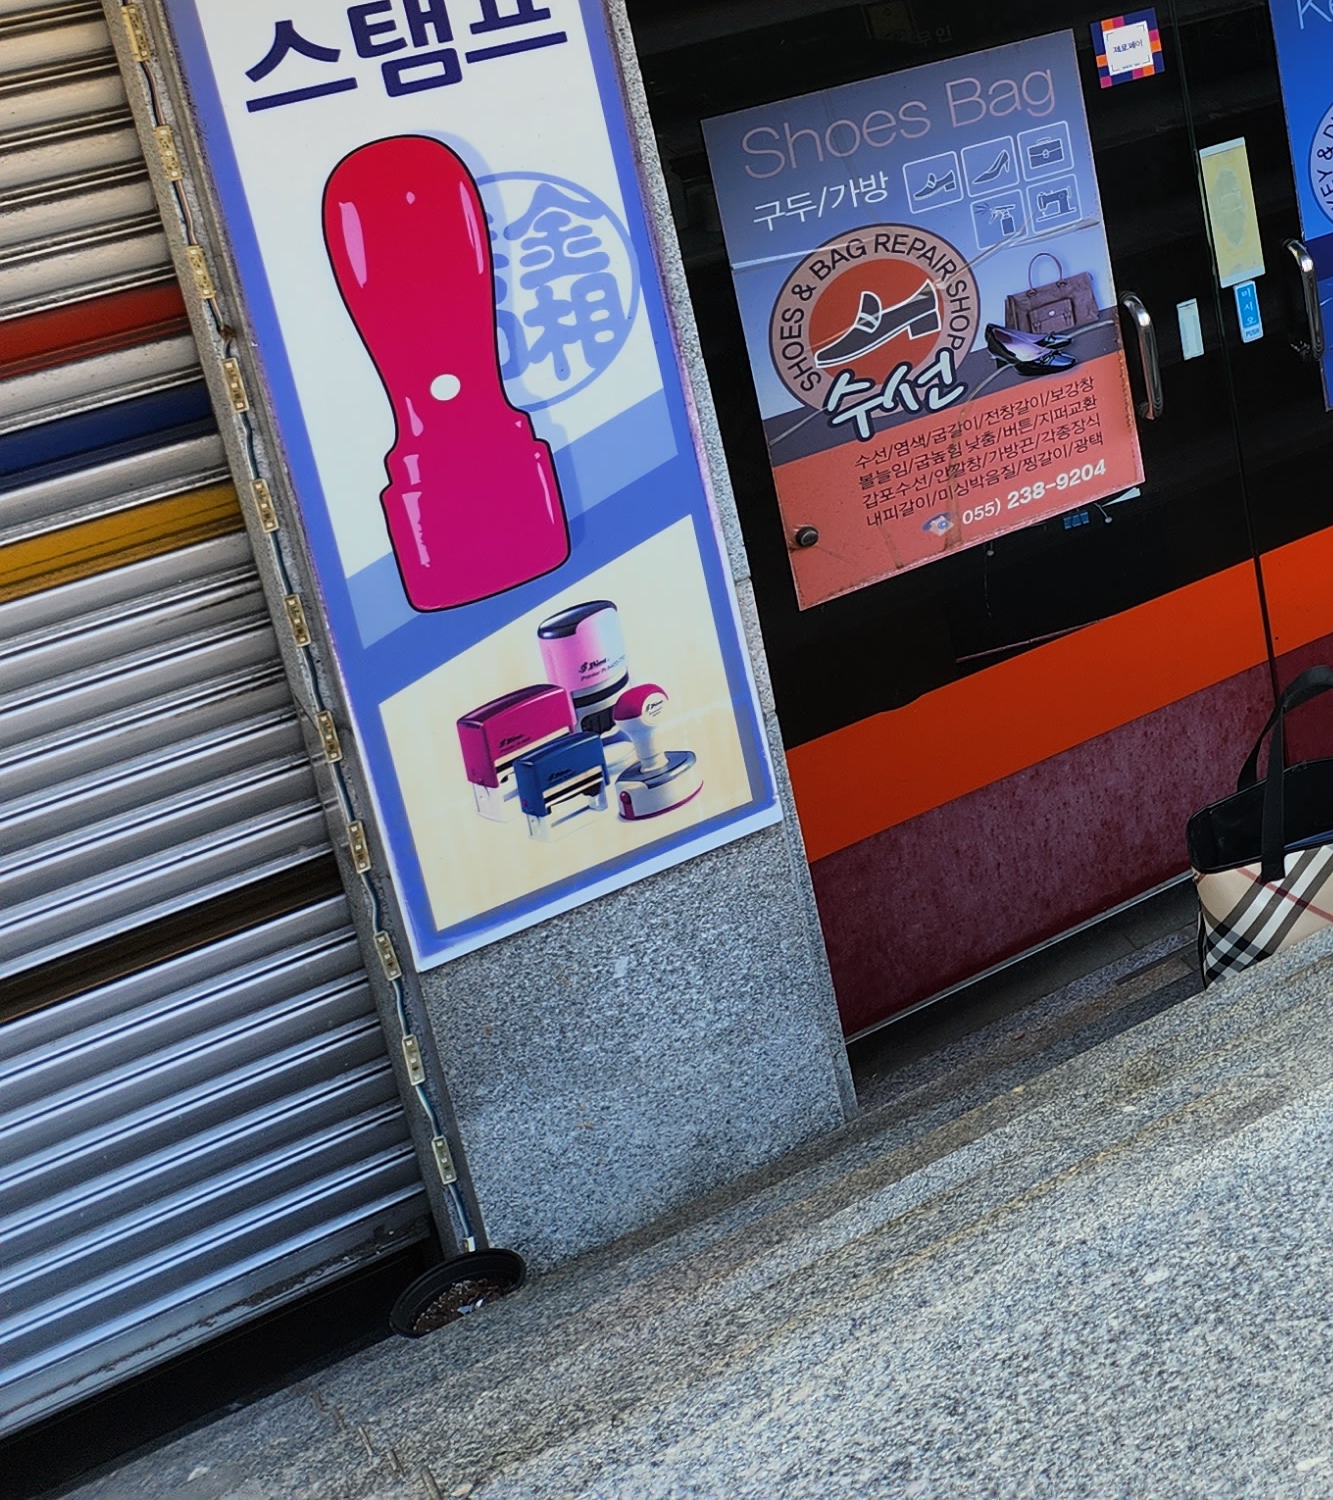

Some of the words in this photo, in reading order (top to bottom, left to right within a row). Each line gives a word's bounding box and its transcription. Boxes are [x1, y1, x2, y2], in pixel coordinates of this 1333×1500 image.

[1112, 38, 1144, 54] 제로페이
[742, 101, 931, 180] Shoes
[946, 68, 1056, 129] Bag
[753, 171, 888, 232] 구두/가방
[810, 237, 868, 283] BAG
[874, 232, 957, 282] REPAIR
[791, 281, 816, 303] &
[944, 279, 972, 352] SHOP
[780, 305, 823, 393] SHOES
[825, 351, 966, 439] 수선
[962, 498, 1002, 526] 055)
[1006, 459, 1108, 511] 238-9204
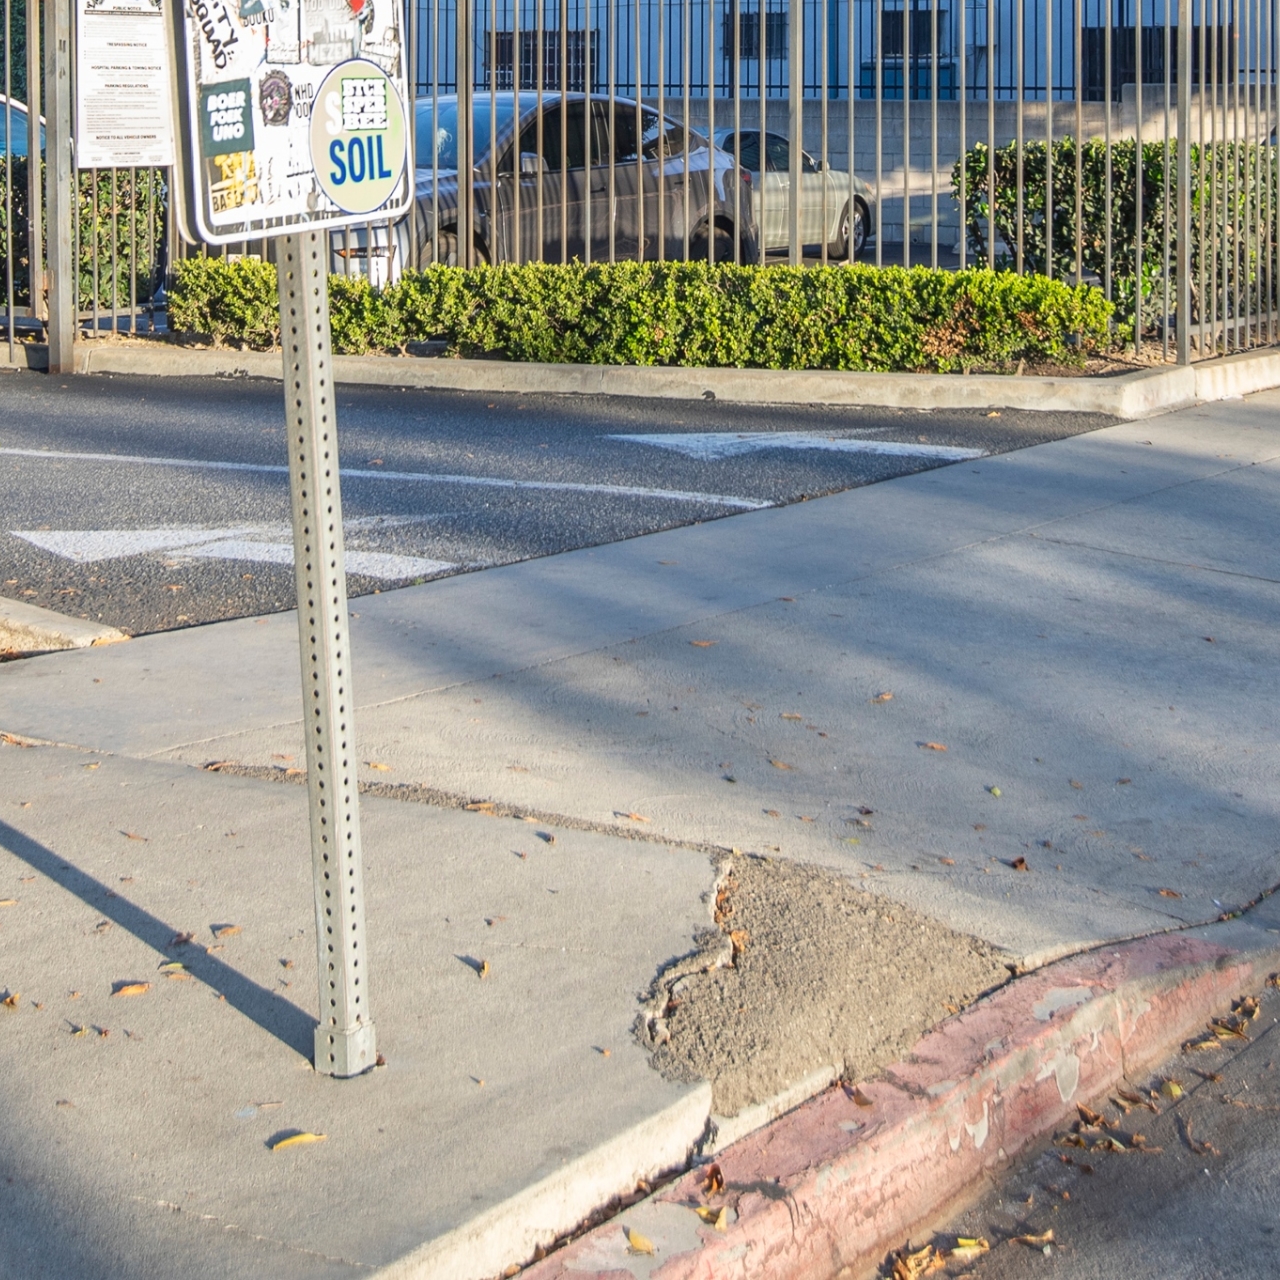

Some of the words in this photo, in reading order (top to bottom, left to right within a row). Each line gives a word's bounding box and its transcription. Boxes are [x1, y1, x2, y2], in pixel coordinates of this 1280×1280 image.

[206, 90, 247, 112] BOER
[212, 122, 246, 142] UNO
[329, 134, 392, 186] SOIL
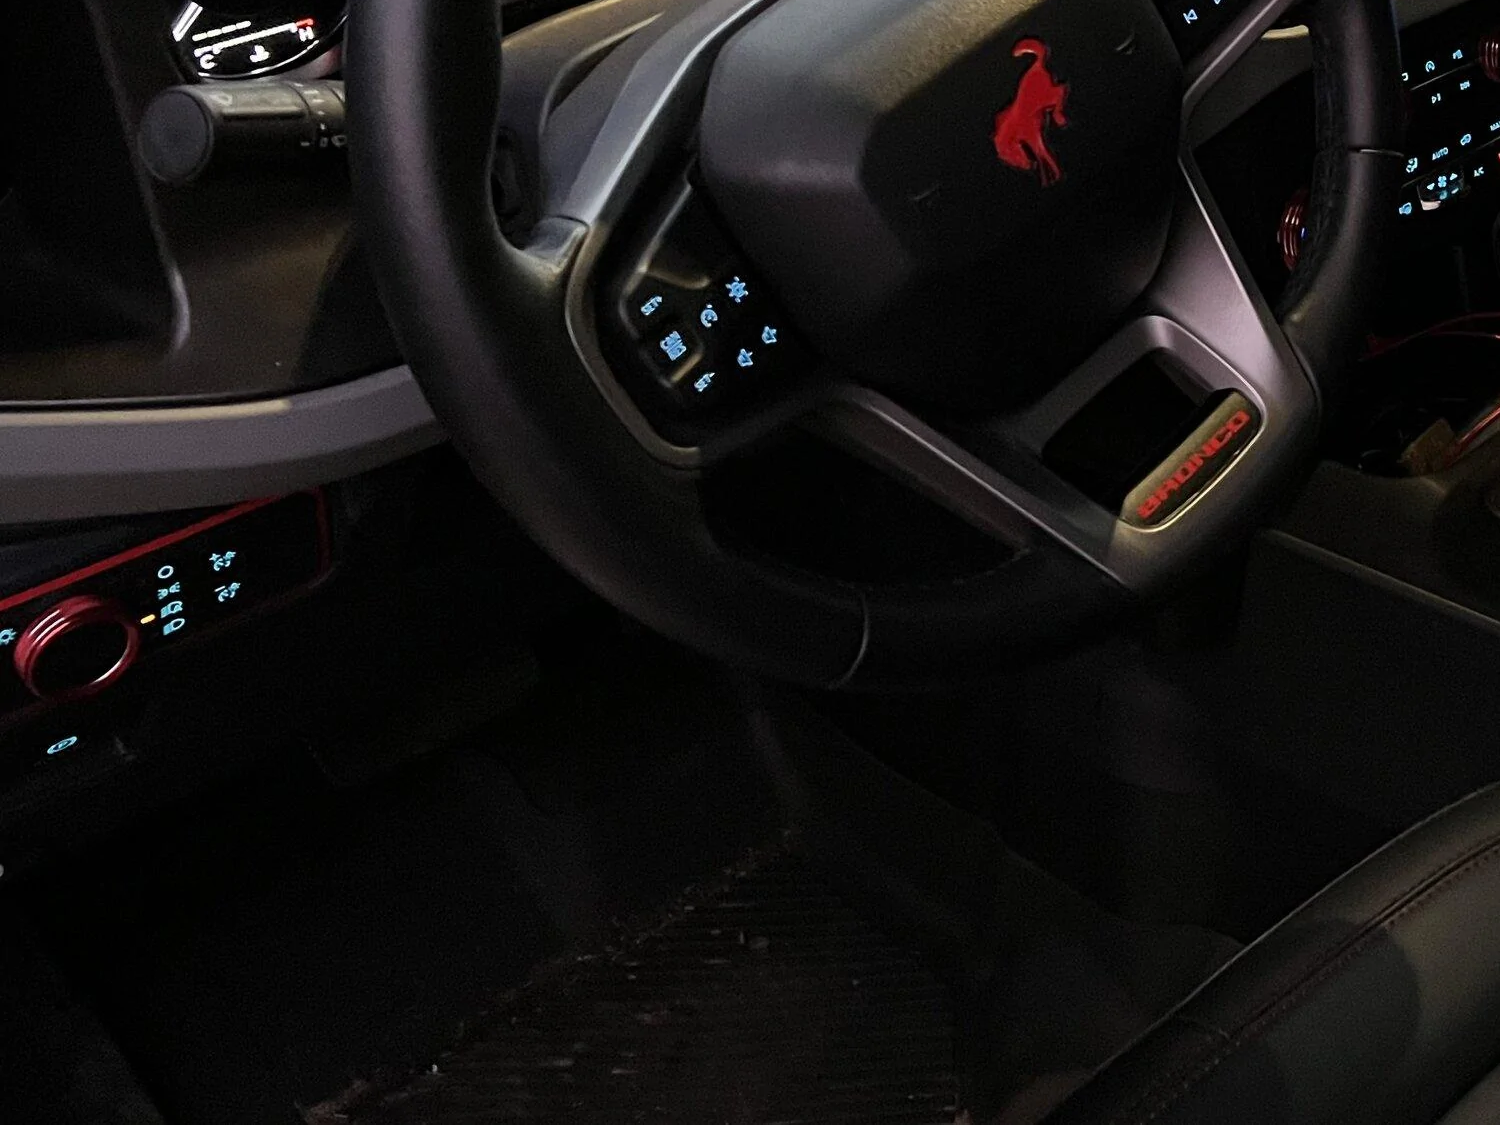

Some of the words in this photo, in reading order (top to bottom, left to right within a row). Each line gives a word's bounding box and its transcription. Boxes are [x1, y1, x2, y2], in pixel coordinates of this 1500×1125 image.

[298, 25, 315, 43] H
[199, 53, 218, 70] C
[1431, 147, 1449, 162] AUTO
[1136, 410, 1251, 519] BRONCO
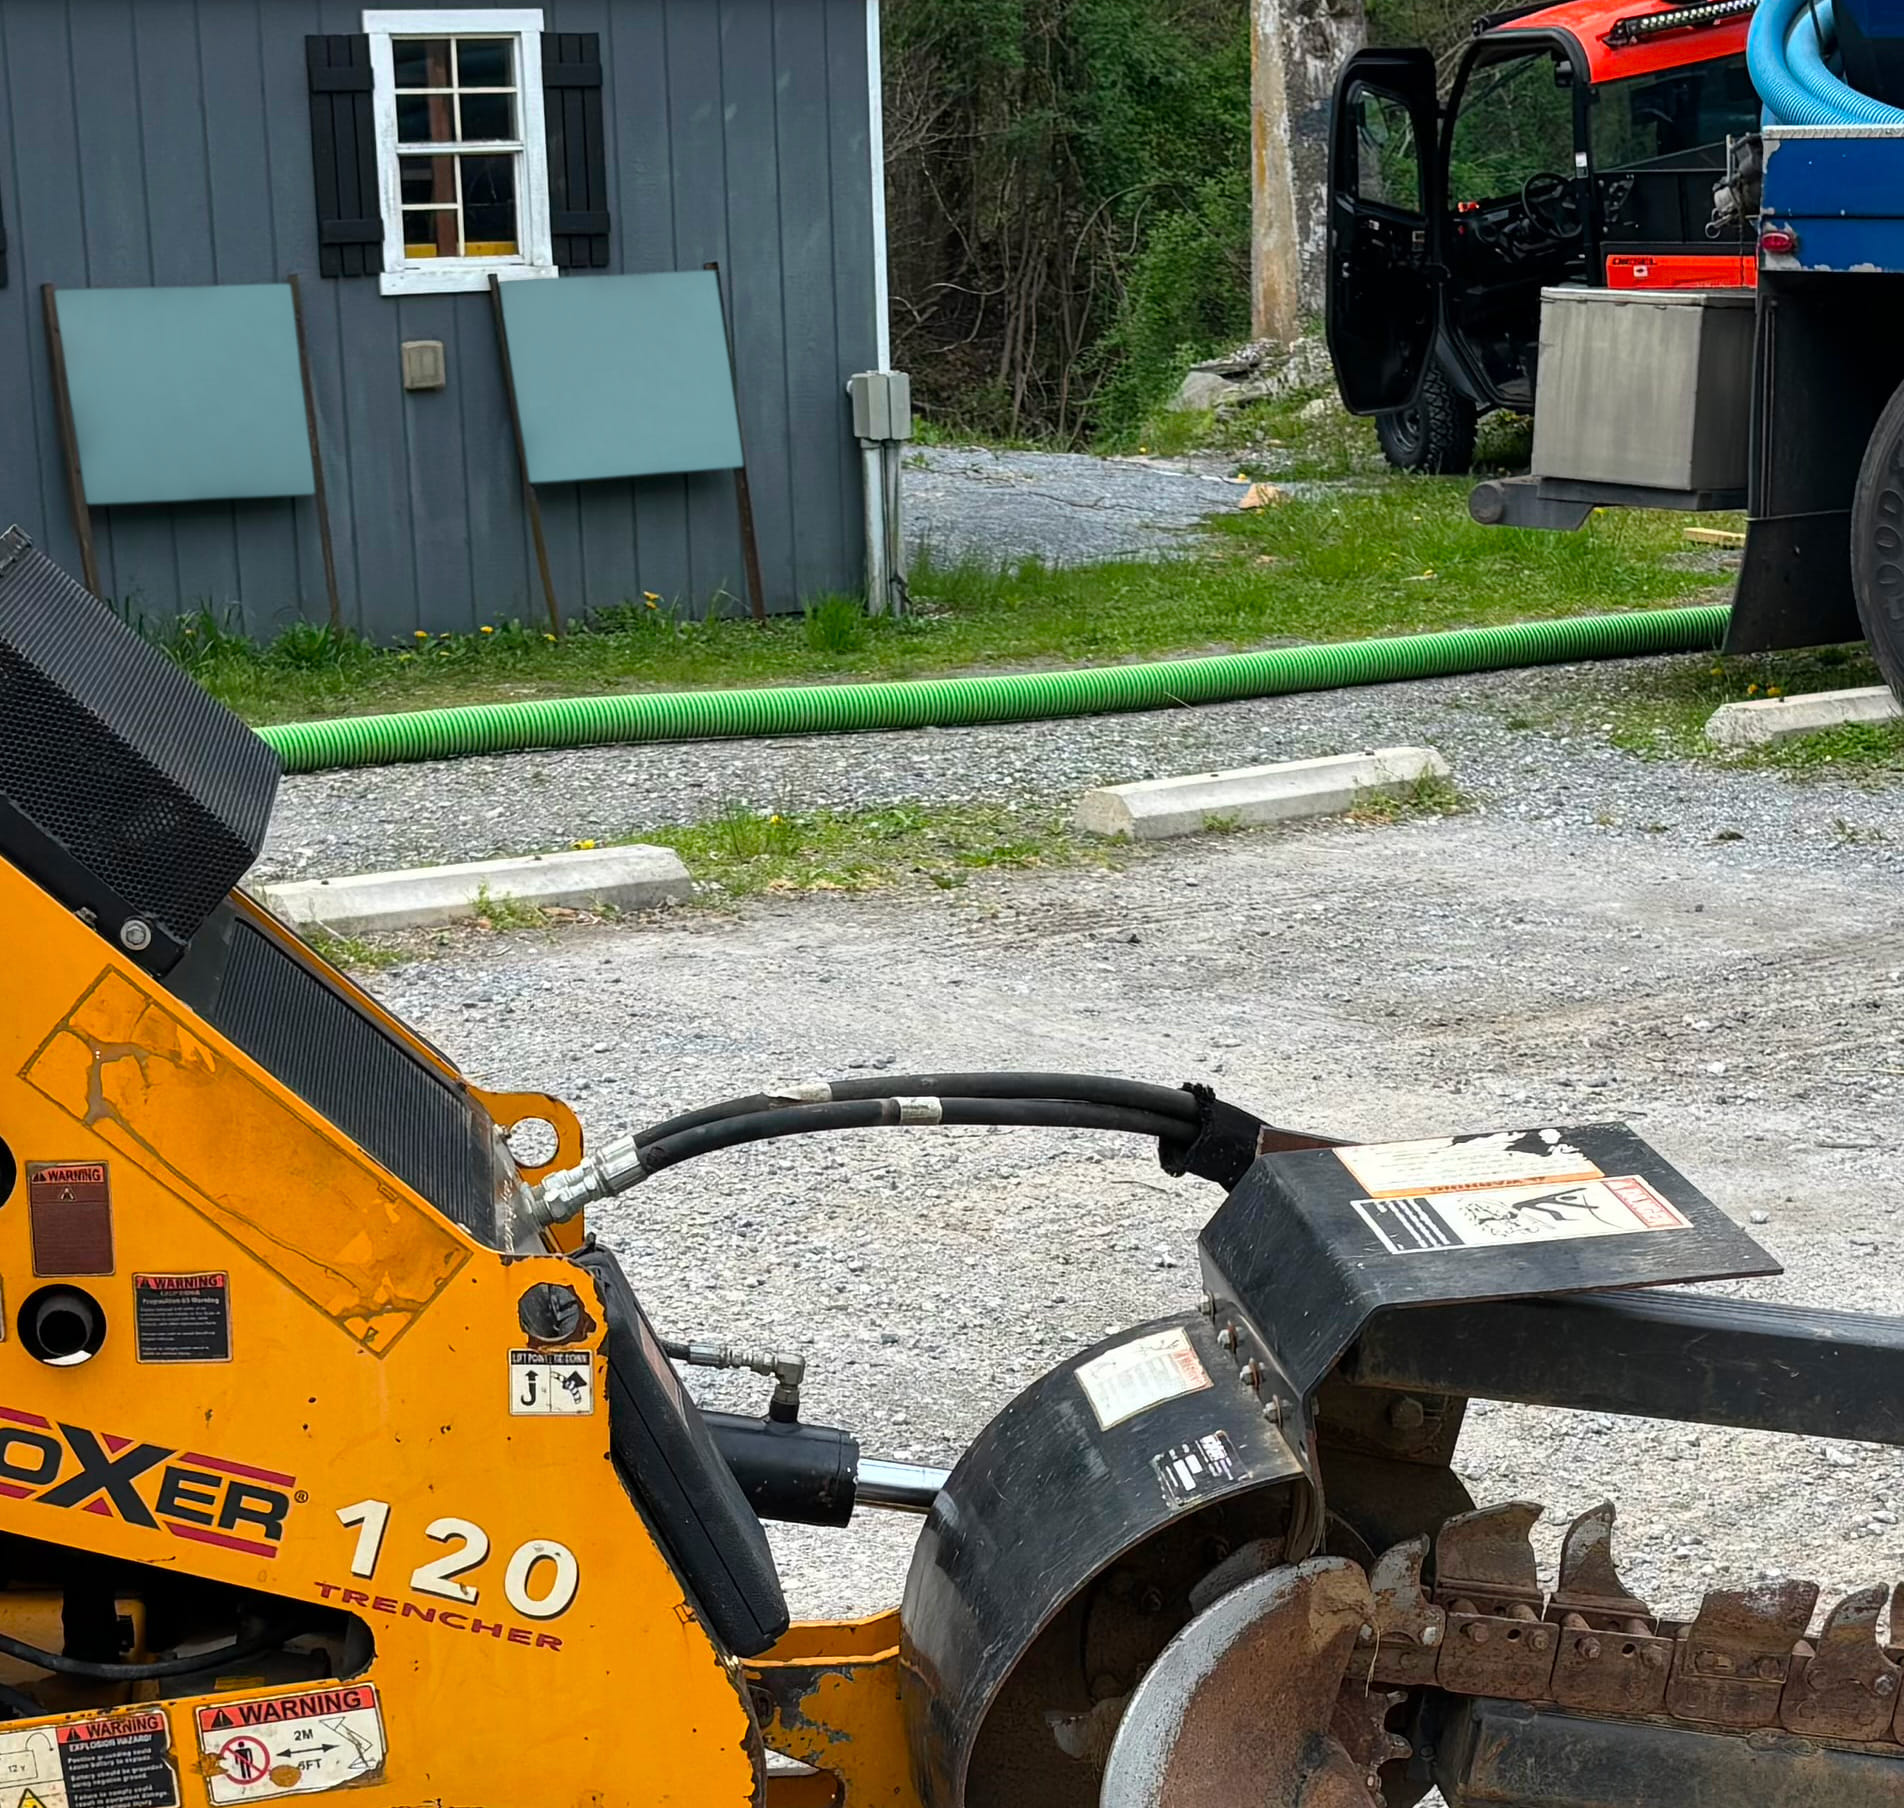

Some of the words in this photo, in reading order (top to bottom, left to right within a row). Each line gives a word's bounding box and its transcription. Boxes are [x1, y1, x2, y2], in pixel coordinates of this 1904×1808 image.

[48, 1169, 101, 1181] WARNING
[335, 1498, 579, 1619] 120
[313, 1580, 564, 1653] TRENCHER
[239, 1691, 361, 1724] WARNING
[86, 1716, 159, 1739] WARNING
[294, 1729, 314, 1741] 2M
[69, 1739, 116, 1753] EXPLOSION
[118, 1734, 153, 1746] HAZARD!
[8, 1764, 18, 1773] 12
=======
What the task asks
Send back the data above verbatim, leaving out its pictures.

Exercise output
Some of the words in this photo, in reading order (top to bottom, left to right within a row). Each line gives a word's bounding box and its transcription. Boxes are [x1, y1, x2, y2], in pixel coordinates of this 1333×1500 image.

[1112, 38, 1144, 54] 제로페이
[742, 101, 931, 180] Shoes
[946, 68, 1056, 129] Bag
[753, 171, 888, 232] 구두/가방
[810, 237, 868, 283] BAG
[874, 232, 957, 282] REPAIR
[791, 281, 816, 303] &
[944, 279, 972, 352] SHOP
[780, 305, 823, 393] SHOES
[825, 351, 966, 439] 수선
[962, 498, 1002, 526] 055)
[1006, 459, 1108, 511] 238-9204

Some of the words in this photo, in reading order (top to bottom, left to right within a row). Each line gives a word's bounding box and its transcription. Boxes are [x1, y1, x2, y2], in pixel coordinates of this 1280×1280 image.

[206, 90, 247, 112] BOER
[212, 122, 246, 142] UNO
[329, 134, 392, 186] SOIL

Some of the words in this photo, in reading order (top to bottom, left to right within a row). Each line gives a word's bounding box and its transcription. Boxes are [x1, y1, x2, y2], in pixel coordinates of this 1500×1125 image.

[298, 25, 315, 43] H
[199, 53, 218, 70] C
[1431, 147, 1449, 162] AUTO
[1136, 410, 1251, 519] BRONCO

Some of the words in this photo, in reading order (top to bottom, left to right within a row). Each line gives a word's bounding box and its transcription. Boxes are [x1, y1, x2, y2], in pixel coordinates of this 1904×1808 image.

[48, 1169, 101, 1181] WARNING
[335, 1498, 579, 1619] 120
[313, 1580, 564, 1653] TRENCHER
[239, 1691, 361, 1724] WARNING
[86, 1716, 159, 1739] WARNING
[294, 1729, 314, 1741] 2M
[69, 1739, 116, 1753] EXPLOSION
[118, 1734, 153, 1746] HAZARD!
[8, 1764, 18, 1773] 12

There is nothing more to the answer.